Também a distinção hoje entre política externa e política interna é
menos e menos pertinente. Os dois mundos são muito porosos. E cada
um procurará influenciar, fazer mover do interior o outro país, e cada um
vai procurar manipular a interdependência para seu proveito. Em vez de
guerra fria no sentido clássico que conhecemos, hoje temos é uma
competição muito mais difusa.
Valor: O recente acordo militar para transferência de tecnologia
americana de submarinos para a Austrália amplia até que ponto a
tensão entre americanos e chineses?
Guéhenno: O aspecto mais importante é que os EUA romperam uma
espécie de acordo tácito, de consenso ocidental, de não transferir essa
tecnologia muito proliferadora de submarino nuclear. Mudar sua posição
é um fato importante e militariza ainda mais a rivalidade com a China. E
isso significa que o prognóstico de 15 anos, 20 anos, é o de uma
confrontação militar. O lado chinês vai acelerar o reforço da capacidade
marítima chinesa, acelerar uma corrida aos armamentos na região do
Pacífico, mas ao mesmo tempo essa rivalidade tomará vários outros
caminhos. E os chineses esperam contornar a rivalidade militar por todo
o tipo de meios que não são militares.
Valor: Uma confrontação militar é inevitável?
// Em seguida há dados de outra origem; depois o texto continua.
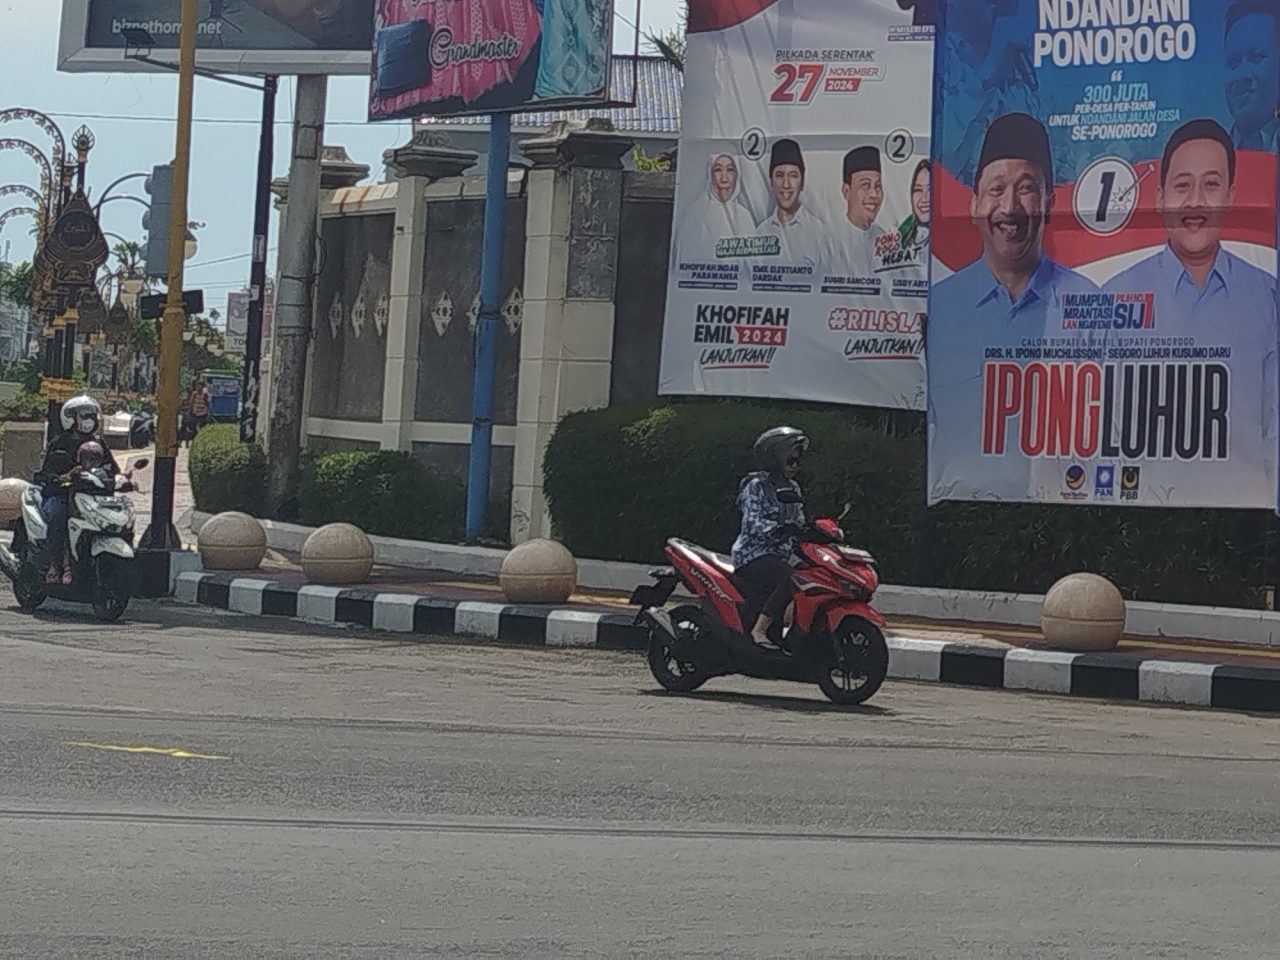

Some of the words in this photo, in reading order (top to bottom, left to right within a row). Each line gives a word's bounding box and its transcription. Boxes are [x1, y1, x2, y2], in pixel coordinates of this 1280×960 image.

[429, 26, 522, 72] Grandmaster
[776, 50, 819, 59] PILKADA
[821, 49, 875, 59] SERENTAK
[1034, 24, 1196, 67] PONOROGO
[829, 67, 879, 77] NOVEMBER
[770, 63, 825, 102] 27
[827, 79, 854, 90] 2024
[1083, 84, 1112, 103] 300
[1113, 82, 1149, 101] JUTA
[1049, 114, 1079, 126] UNTUK
[1080, 112, 1125, 125] NDANDANI
[1127, 111, 1156, 122] JALAN
[1157, 109, 1180, 121] DESA
[1072, 122, 1157, 140] SE-PONOROGO
[747, 133, 760, 156] 2
[892, 135, 907, 158] 2
[1095, 171, 1115, 223] 1
[696, 304, 790, 326] KHOFIFAH
[694, 325, 735, 344] EMIL
[743, 328, 782, 343] 2024
[1062, 320, 1077, 330] LAN
[700, 347, 777, 364] LANJUTKAN!!
[985, 348, 1005, 359] DRS.
[1007, 348, 1014, 359] H.
[1015, 348, 1042, 359] IPONG
[1108, 348, 1142, 359] SEGORO
[1143, 348, 1170, 359] LUHUR
[1171, 348, 1207, 359] KUSUMO
[1209, 348, 1231, 359] DARU
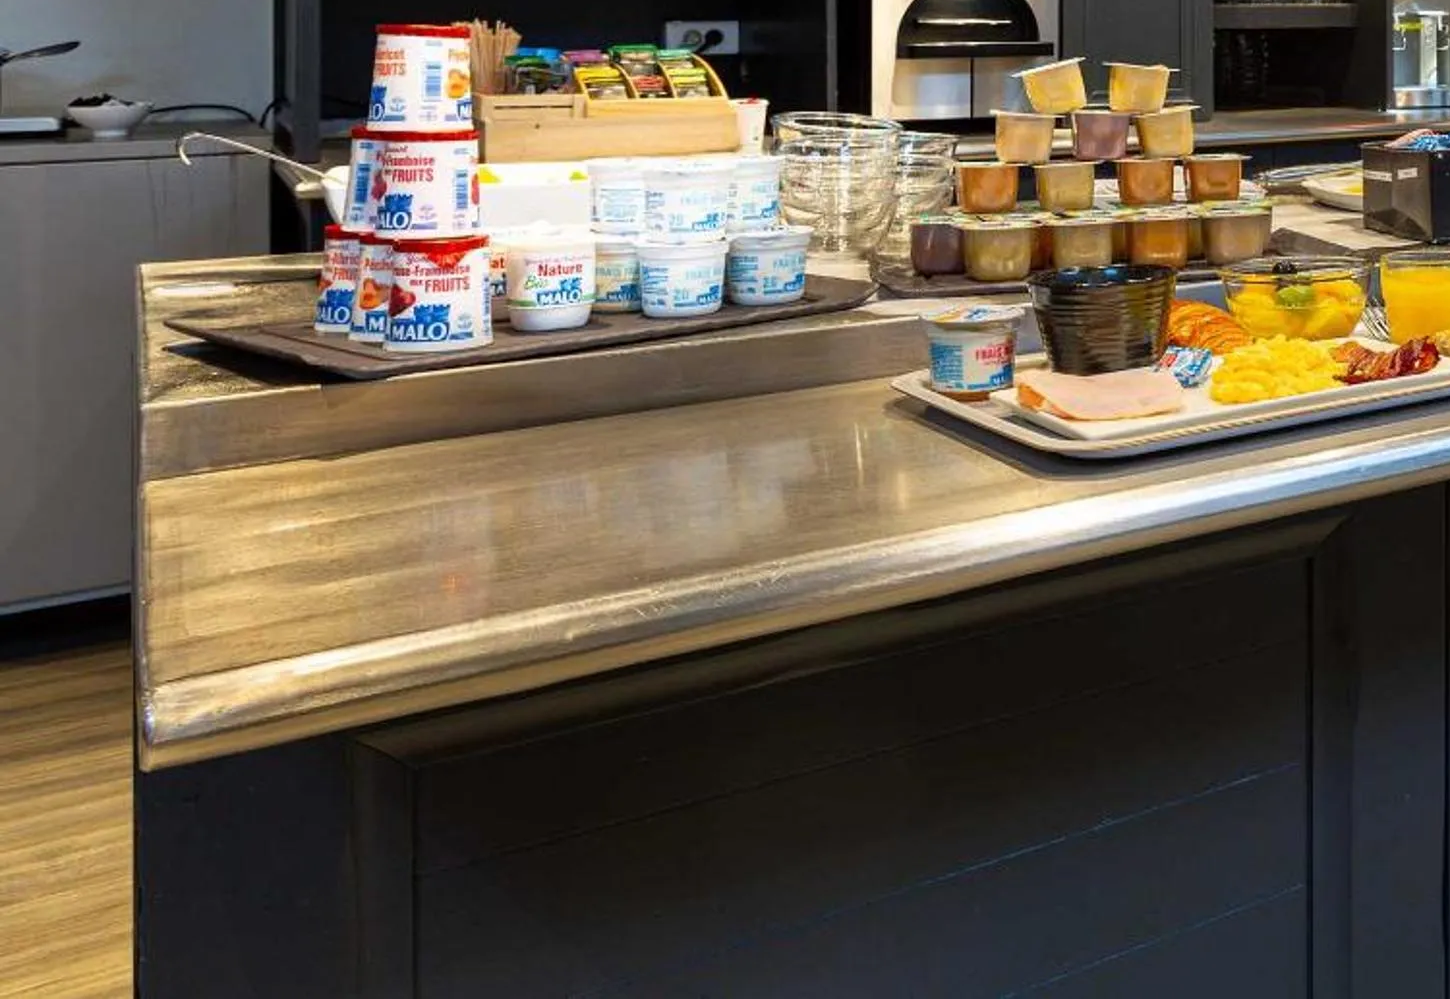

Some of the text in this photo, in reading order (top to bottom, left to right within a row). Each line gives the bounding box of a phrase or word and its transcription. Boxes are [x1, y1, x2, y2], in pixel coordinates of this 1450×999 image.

[392, 168, 434, 183] FRUITS
[537, 263, 583, 277] Nature
[424, 276, 471, 293] FRUITS
[536, 290, 582, 305] MALO
[391, 322, 448, 341] MALO
Guéhenno: Acho que nada é inevitável. É preciso confiar na capacidade
humana de não fazer sempre besteiras. Mas vejo riscos reais de erro de
cálculo. A China foi uma potência dominante do mundo por séculos.
Quando ela renunciou à potência naval, na época do Renascimento, se
isolou e perdeu o movimento de modernização que começou no século
XVI e se acelerou no fim do século XVIII. Ela foi humilhada e tem uma
revanche a tomar. Mas, nesse mundo complicado, fragmentado, um
elemento de esperança é justamente que há uma multitude de vínculos
que conectam o mundo. É um fator de inquietação, mas que pode
também se tornar um fator de estabilização. Os Estados podem fazer
erros catastróficos, que nos levariam a confrontação. Mas podemos
esperar que todos esses vínculos paralelos aos Estados possam nos
ajudar a não chegar a esses confrontos.
Valor: Os parceiros serão obrigados a escolher claramente entre EUA e
China em certo momento?
Guéhenno: Espero que não. Acho que para os europeus, para os
brasileiros, sempre haverá maior proximidade com parceiros com
tradição democrática. Ao mesmo tempo, creio que há um desejo que
cresce de um país não estar em situação de “conosco ou contra nós”. Um
mundo onde há diferentes maneiras de pensar a relação do indivíduo ao
coletivo é a melhor garantia de pluralismo e de paz. Países que não estão
na linha de confrontação direta, como o Brasil e como os europeus, têm
todo interesse de conversarem, não para formar blocos, mas para
mostrar que pode haver respostas diferentes.
Valor: Crise do Ocidente, tentação chinesa, potência de dados. Quais
alternativas a tudo isso?
Guéhenno: Tento desenhar algumas respostas no livro. Acho que
devemos refletir sobre uma nova governança de dados, pela qual o
poder dos dados não fique nas mãos de empresas nem nas mãos de um
Estado. Creio que essa é uma das questões que pessoas que prezam o
pluralismo devem se colocar. Quanto à questão de legitimidade da
autoridade, acho que toda tentativa de democracia direta, e até sorteio,
por exemplo, é uma resposta superficial, porque não é reproduzindo
uma sociedade disfuncional que vamos torná-la funcional e isso
tampouco resolve a falta do debate. Também num mundo em que o
conhecimento supera mais e mais a capacidade de cada indivíduo, a
relação entre saber e poder está mal resolvida hoje. Vimos na pandemia
de covid-19 de um lado governos que procuram ignorar o saber, o que é
catastrófico, e de outro governos que se escondem atrás do saber. Ora,
há espaço para o saber e para reconhecer sua utilização e há questões
que são de natureza política. A medida do risco é uma questão científica.
O grau de risco a que estamos dispostos é do campo da política.